An exact transcription of every record is needed, leaving out the pictures.

***** RECORDS FOR THIS EXERCISE

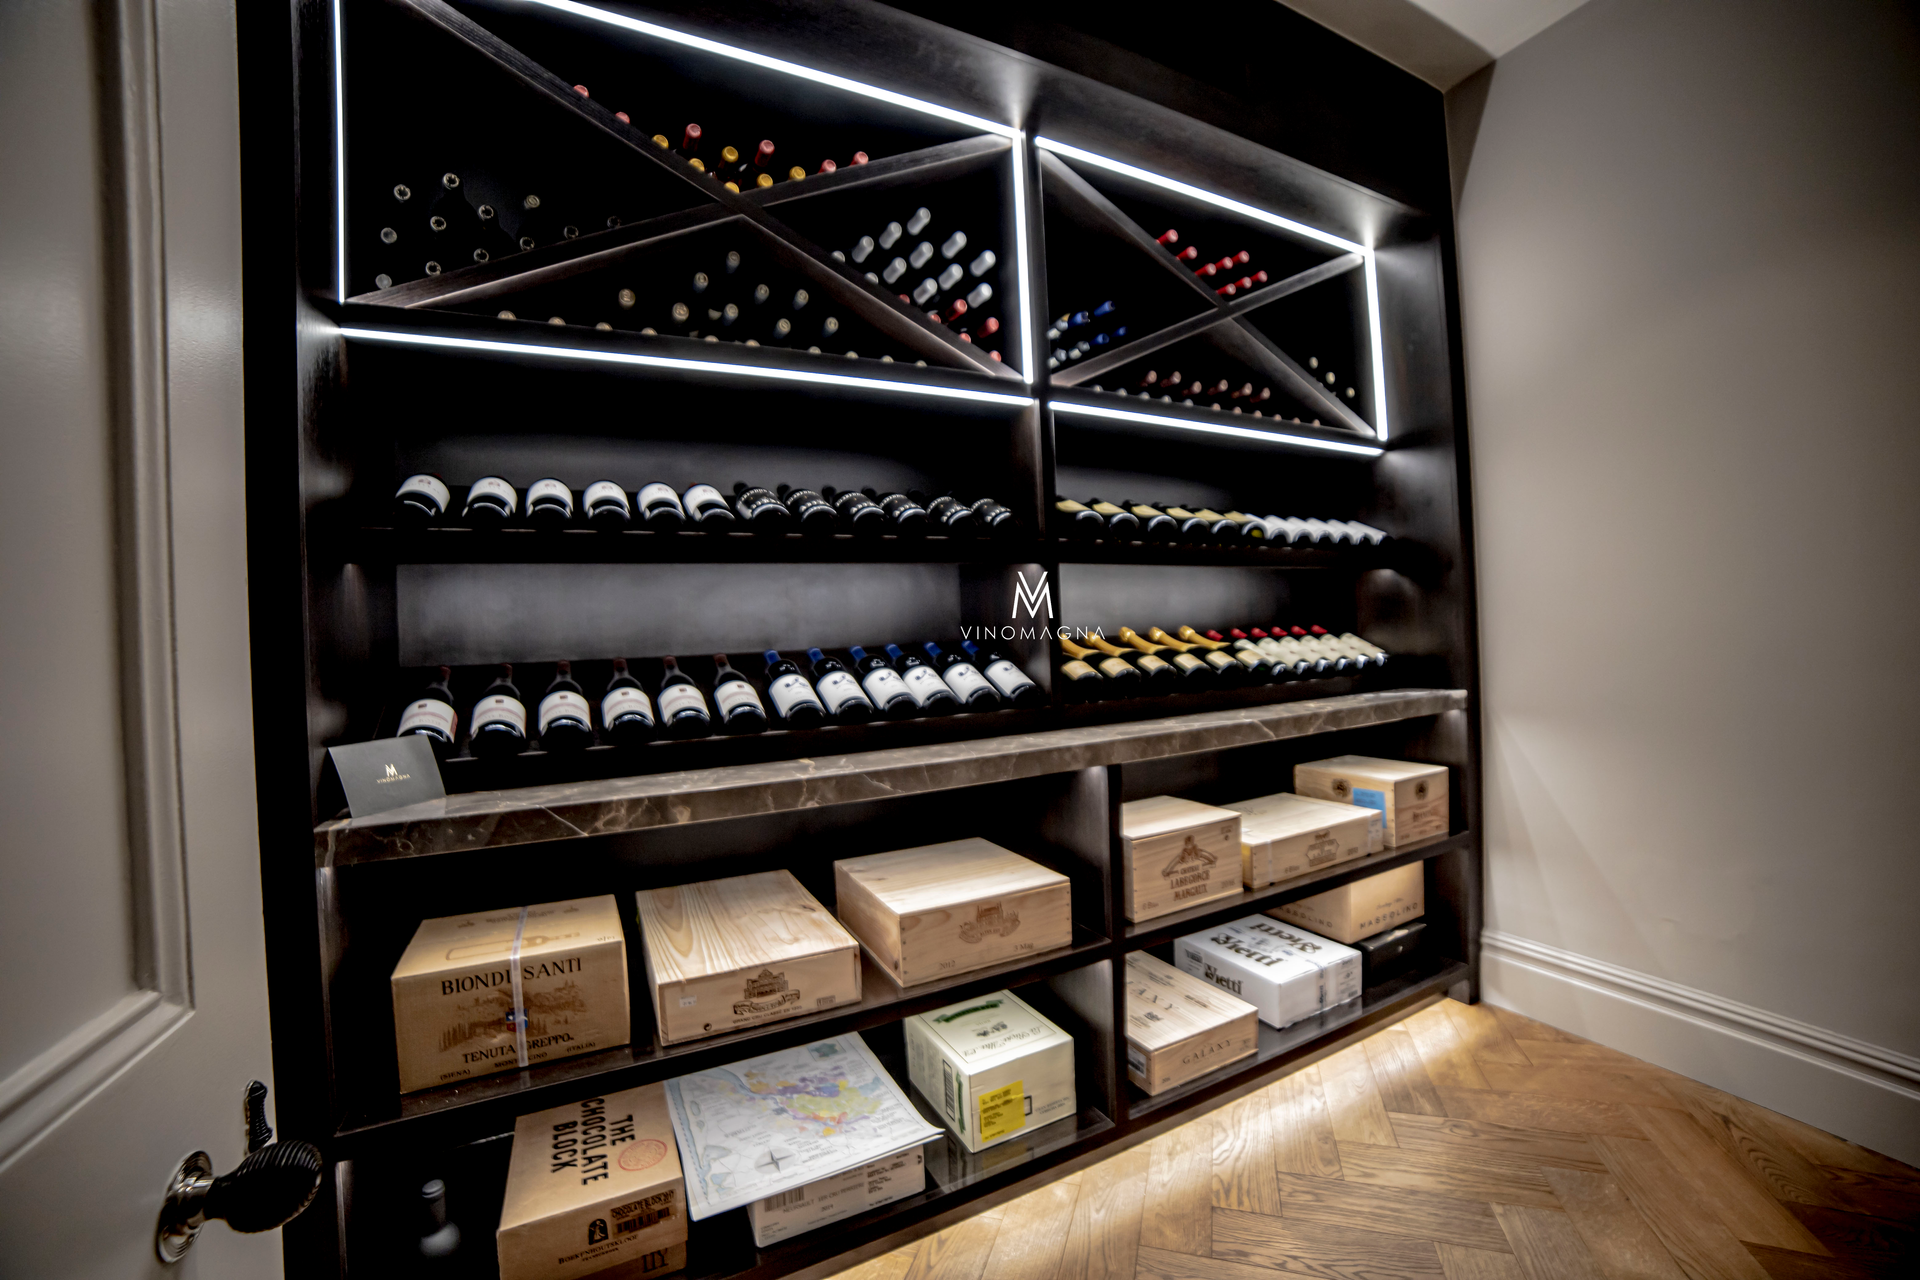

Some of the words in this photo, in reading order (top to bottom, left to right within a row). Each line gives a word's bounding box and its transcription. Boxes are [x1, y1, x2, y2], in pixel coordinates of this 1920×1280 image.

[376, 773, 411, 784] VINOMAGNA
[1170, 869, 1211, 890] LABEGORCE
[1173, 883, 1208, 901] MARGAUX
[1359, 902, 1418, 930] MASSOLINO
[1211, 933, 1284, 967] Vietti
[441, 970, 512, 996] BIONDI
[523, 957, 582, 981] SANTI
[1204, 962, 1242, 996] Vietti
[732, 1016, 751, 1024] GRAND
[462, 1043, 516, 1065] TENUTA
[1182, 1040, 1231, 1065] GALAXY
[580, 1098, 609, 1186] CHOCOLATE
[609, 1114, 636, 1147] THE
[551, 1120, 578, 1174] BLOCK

**********

## ANSWER SPACE
Some of the words in this photo, in reading order (top to bottom, left to right within a row). Each line gives a word's bounding box and its transcription. Boxes are [x1, y1, x2, y2], in pixel coordinates of this 1920×1280 image.

[376, 773, 411, 784] VINOMAGNA
[1170, 869, 1211, 890] LABEGORCE
[1173, 883, 1208, 901] MARGAUX
[1359, 902, 1418, 930] MASSOLINO
[1211, 933, 1284, 967] Vietti
[441, 970, 512, 996] BIONDI
[523, 957, 582, 981] SANTI
[1204, 962, 1242, 996] Vietti
[732, 1016, 751, 1024] GRAND
[462, 1043, 516, 1065] TENUTA
[1182, 1040, 1231, 1065] GALAXY
[580, 1098, 609, 1186] CHOCOLATE
[609, 1114, 636, 1147] THE
[551, 1120, 578, 1174] BLOCK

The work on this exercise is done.